**Work order**
Leaving out the images, reproduce every line of the data that follows exactly.

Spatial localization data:
————————

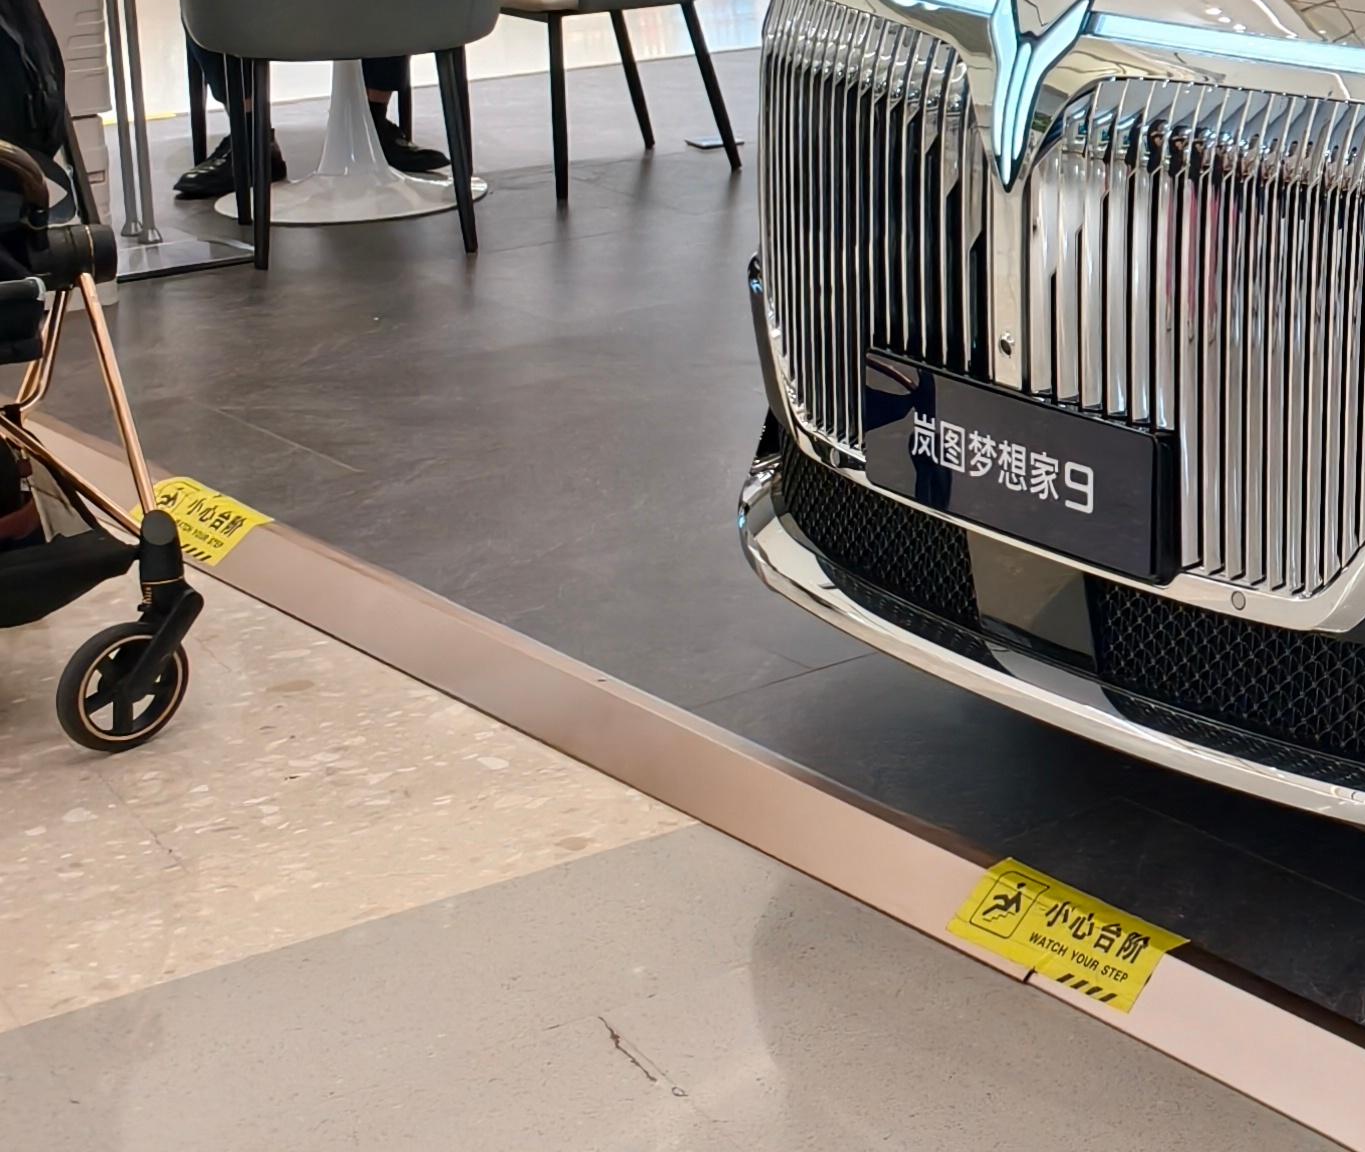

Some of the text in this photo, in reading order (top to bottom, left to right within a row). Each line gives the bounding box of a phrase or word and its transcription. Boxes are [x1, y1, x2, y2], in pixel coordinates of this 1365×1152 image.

[910, 411, 1096, 515] 岚图梦想家9
[187, 496, 249, 538] 小心台阶
[1029, 931, 1129, 984] WATCH YOUR STEP
[1045, 901, 1152, 965] 小心台阶

————————

**Output of the exercise**
Some of the text in this photo, in reading order (top to bottom, left to right within a row). Each line gives the bounding box of a phrase or word and its transcription. Boxes are [x1, y1, x2, y2], in pixel coordinates of this 1365×1152 image.

[910, 411, 1096, 515] 岚图梦想家9
[187, 496, 249, 538] 小心台阶
[1029, 931, 1129, 984] WATCH YOUR STEP
[1045, 901, 1152, 965] 小心台阶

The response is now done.